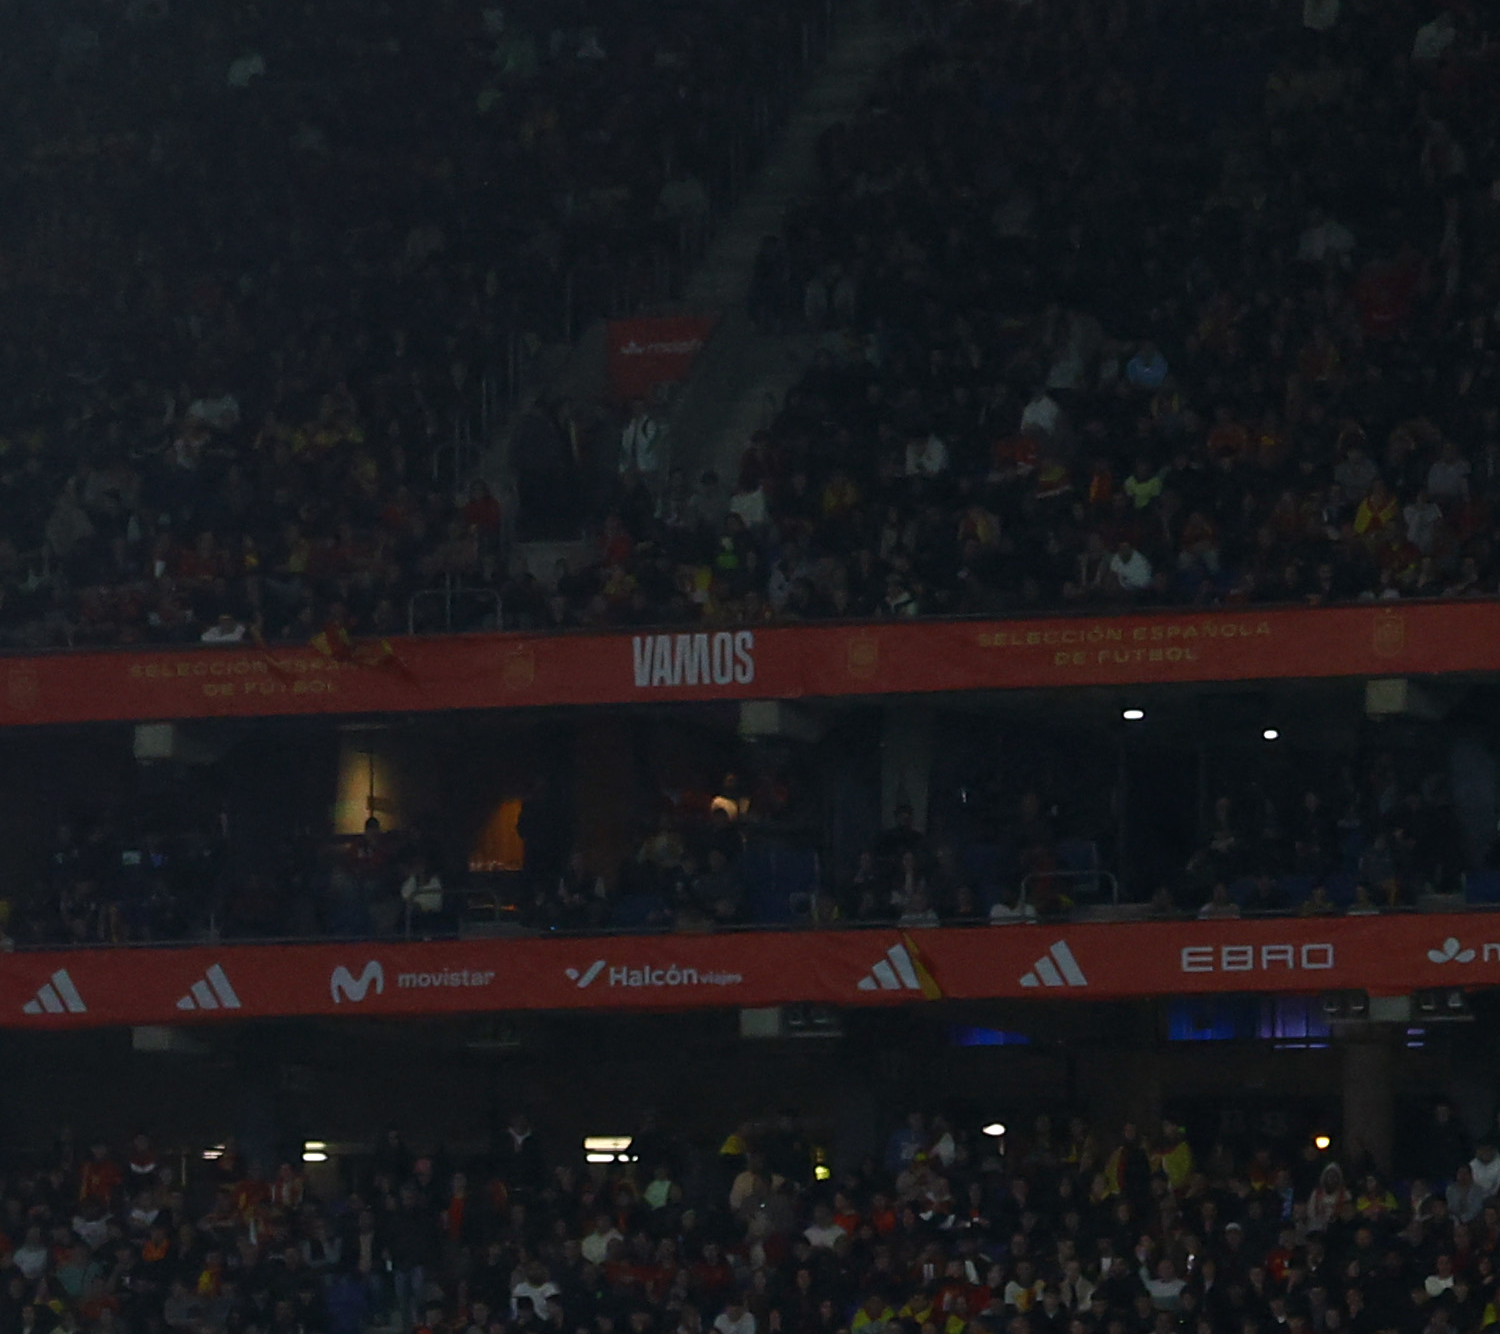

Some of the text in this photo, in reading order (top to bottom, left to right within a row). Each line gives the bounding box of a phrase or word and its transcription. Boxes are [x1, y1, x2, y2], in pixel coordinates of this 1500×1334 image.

[632, 629, 754, 687] VAMOS
[397, 967, 496, 988] movistar
[609, 964, 698, 986] Halcón
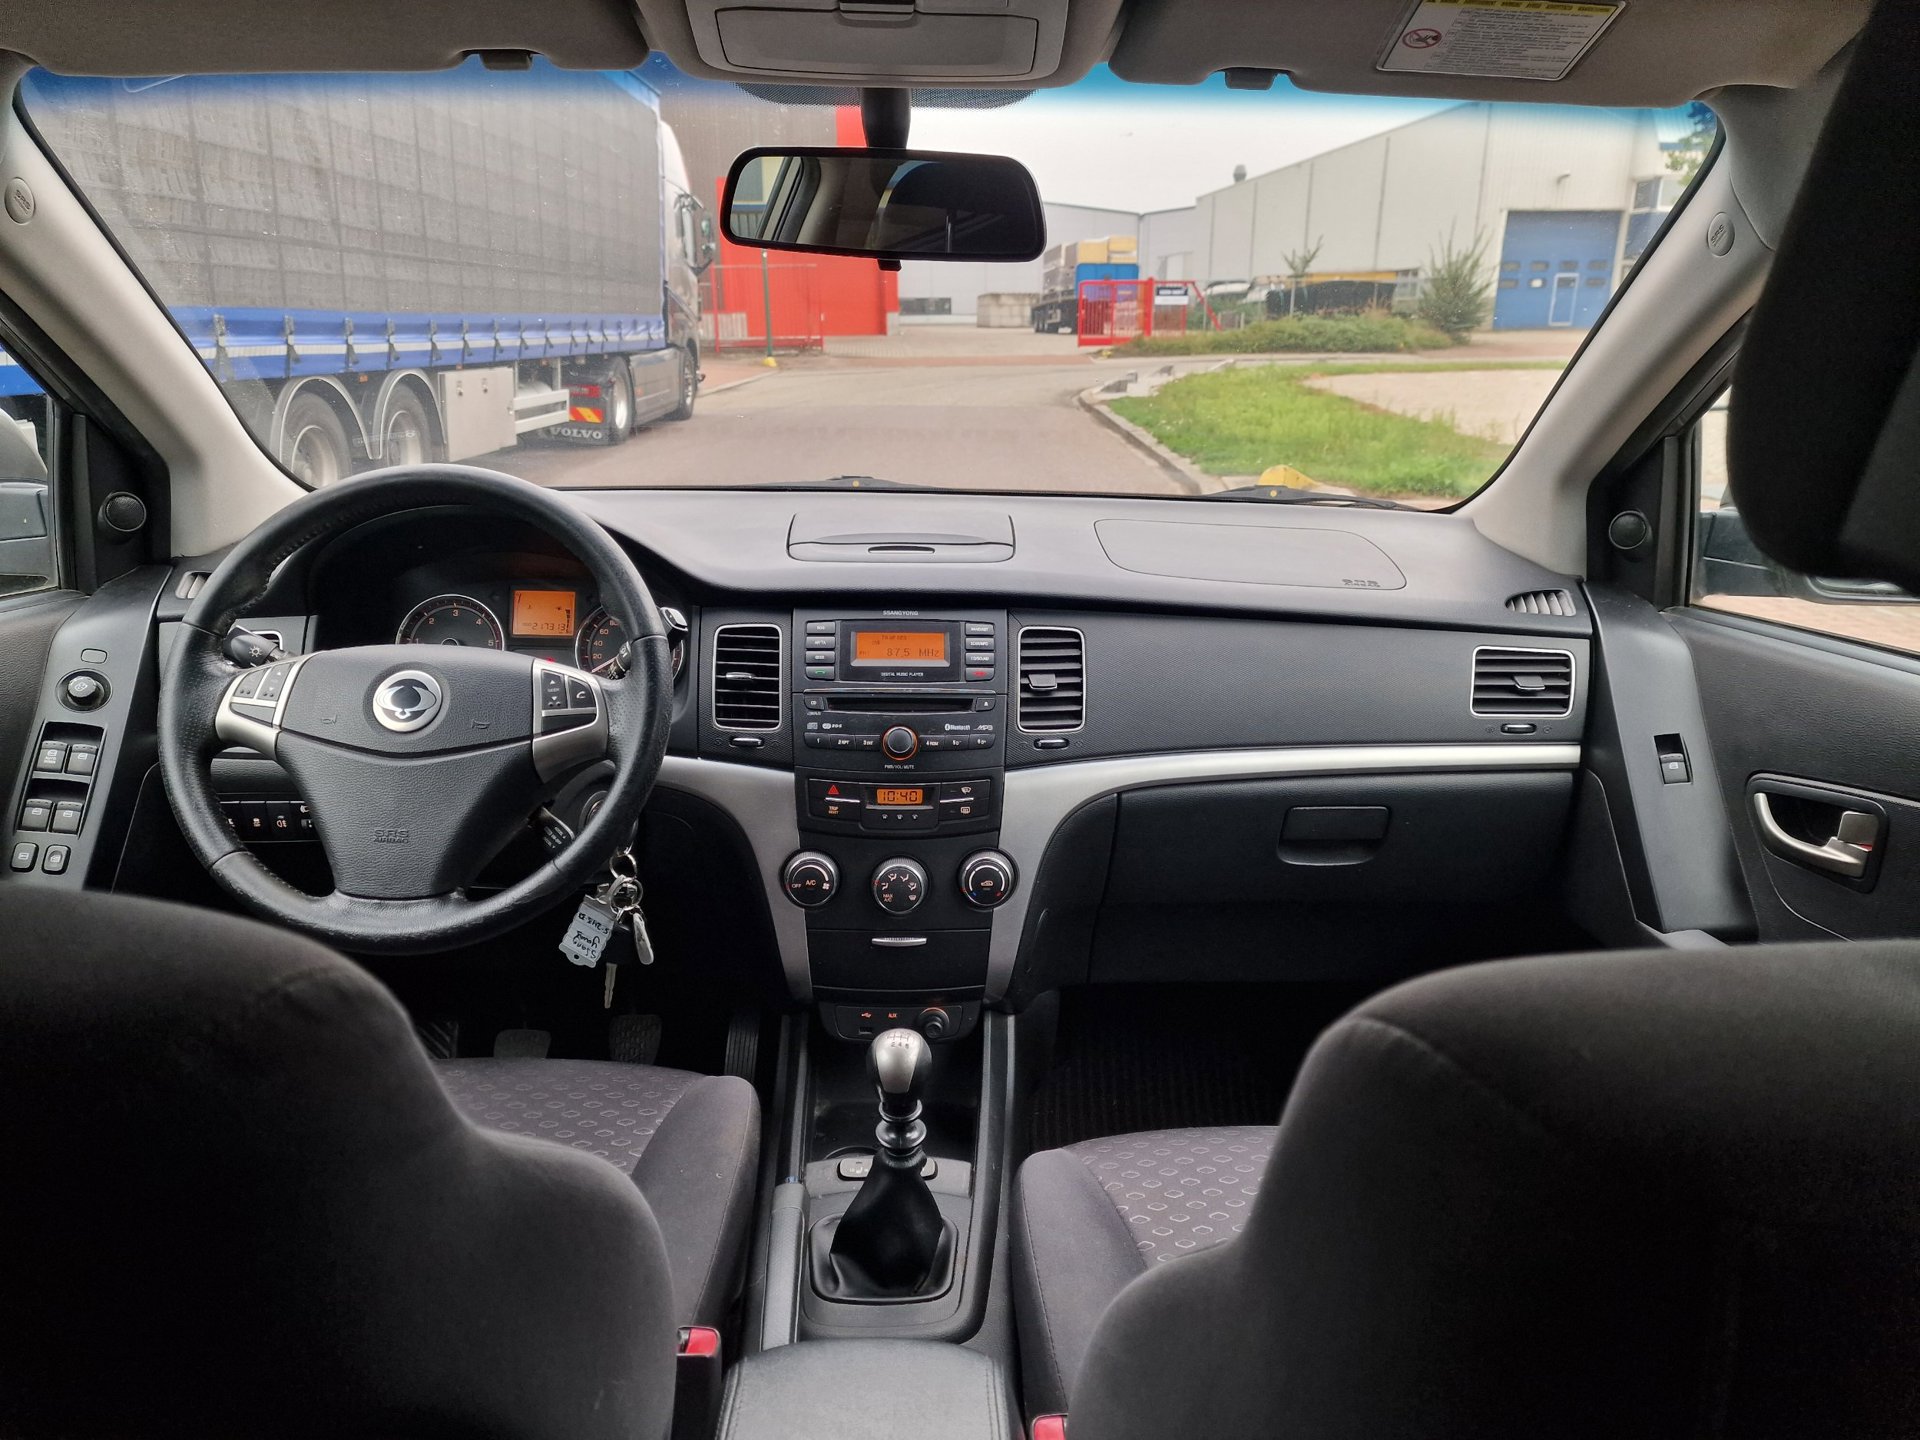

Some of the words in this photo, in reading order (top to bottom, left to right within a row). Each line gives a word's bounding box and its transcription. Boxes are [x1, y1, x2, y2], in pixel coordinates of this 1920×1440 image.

[551, 427, 602, 440] VOLVO
[452, 609, 459, 617] 3
[428, 617, 435, 625] 2
[487, 639, 494, 647] 5
[886, 647, 911, 658] 87.5
[919, 647, 940, 658] MHz
[883, 790, 918, 802] 10:40
[805, 878, 817, 886] A/C

* _Exercise_
Leave out the pictures, then copy all the remaining text in the records exactly.

* _Written response_
Some of the text in this photo, in reading order (top to bottom, left to right within a row). Each line gives the bounding box of a phrase or word and its transcription. Boxes are [x1, y1, x2, y2], in pixel coordinates of this 1500×1334 image.

[632, 629, 754, 687] VAMOS
[397, 967, 496, 988] movistar
[609, 964, 698, 986] Halcón

Some of the words in this photo, in reading order (top to bottom, left to right within a row). Each line gives a word's bounding box and its transcription. Boxes are [x1, y1, x2, y2], in pixel coordinates of this 1920×1440 image.

[551, 427, 602, 440] VOLVO
[452, 609, 459, 617] 3
[428, 617, 435, 625] 2
[487, 639, 494, 647] 5
[886, 647, 911, 658] 87.5
[919, 647, 940, 658] MHz
[883, 790, 918, 802] 10:40
[805, 878, 817, 886] A/C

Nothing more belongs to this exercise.